=== Section Start ===
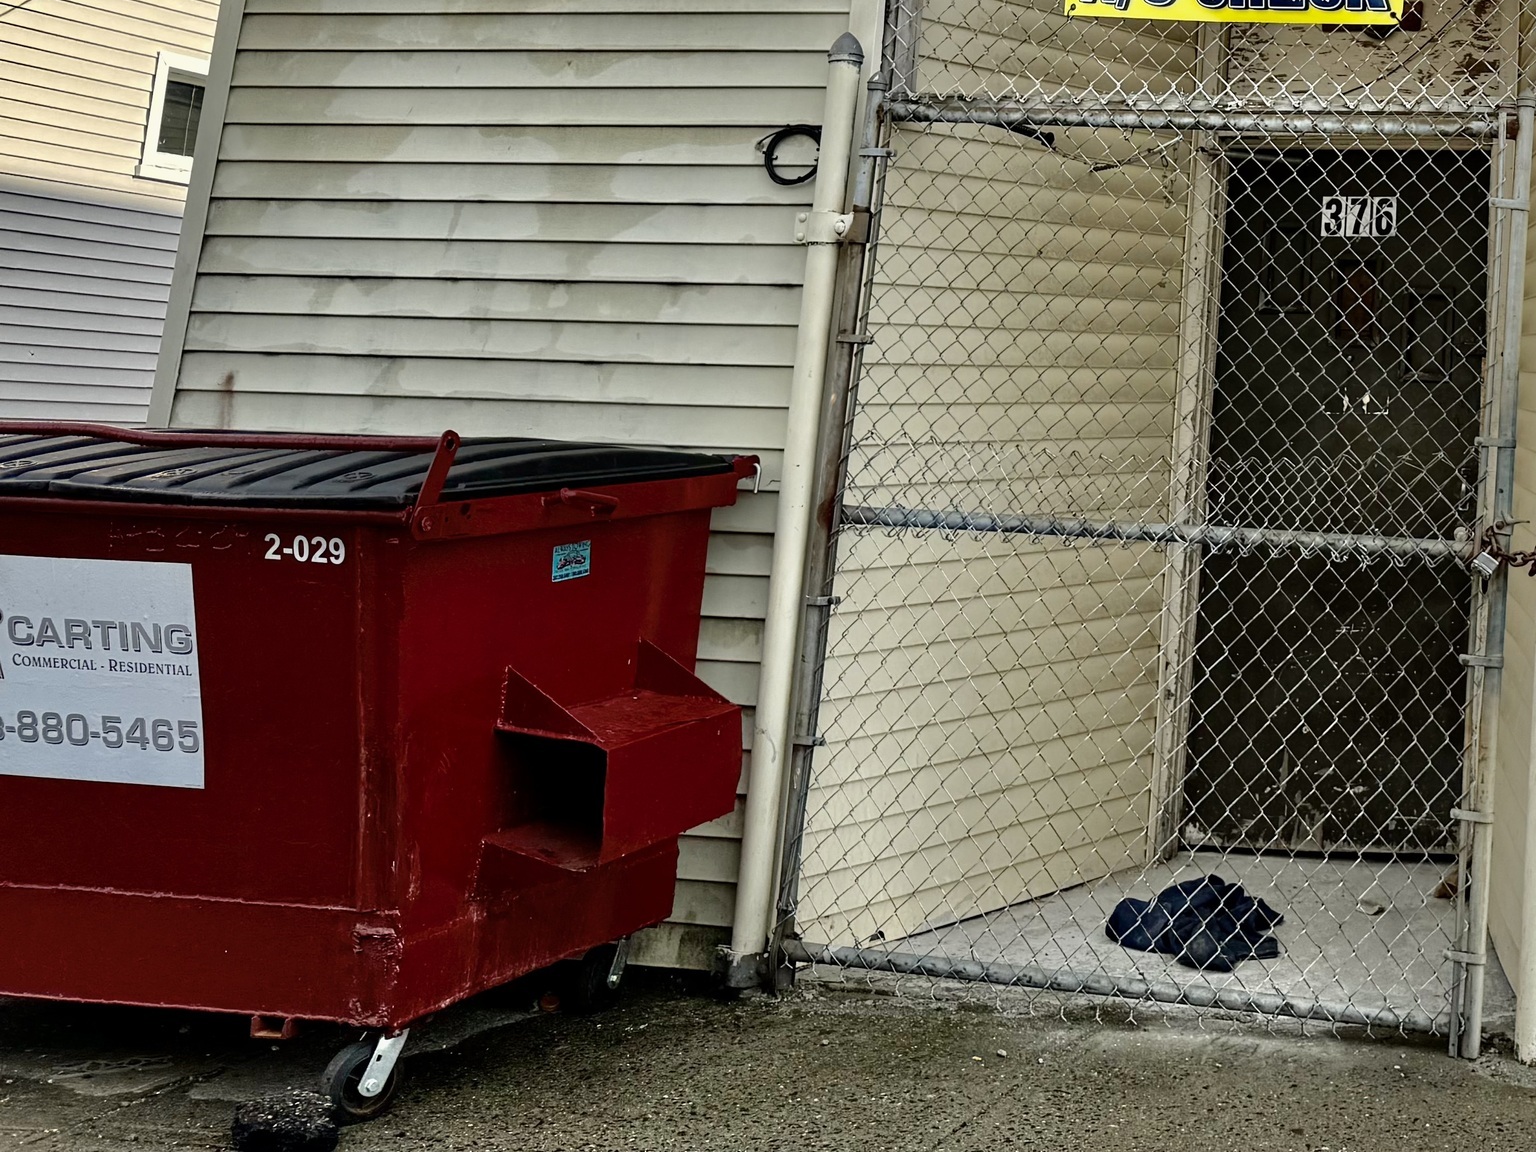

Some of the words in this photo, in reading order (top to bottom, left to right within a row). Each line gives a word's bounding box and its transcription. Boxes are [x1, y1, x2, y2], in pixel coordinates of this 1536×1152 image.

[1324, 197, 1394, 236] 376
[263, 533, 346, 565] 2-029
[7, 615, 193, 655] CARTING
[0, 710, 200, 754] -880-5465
=== Section End ===
§ **Task goal**: Each entry is to be output exactly, and no picture is to appear.

§ **Solution below**:
Some of the words in this photo, in reading order (top to bottom, left to right within a row). Each line gives a word's bounding box and its transcription. Boxes are [x1, y1, x2, y2], in pixel coordinates of this 1536×1152 image.

[1324, 197, 1394, 236] 376
[263, 533, 346, 565] 2-029
[7, 615, 193, 655] CARTING
[0, 710, 200, 754] -880-5465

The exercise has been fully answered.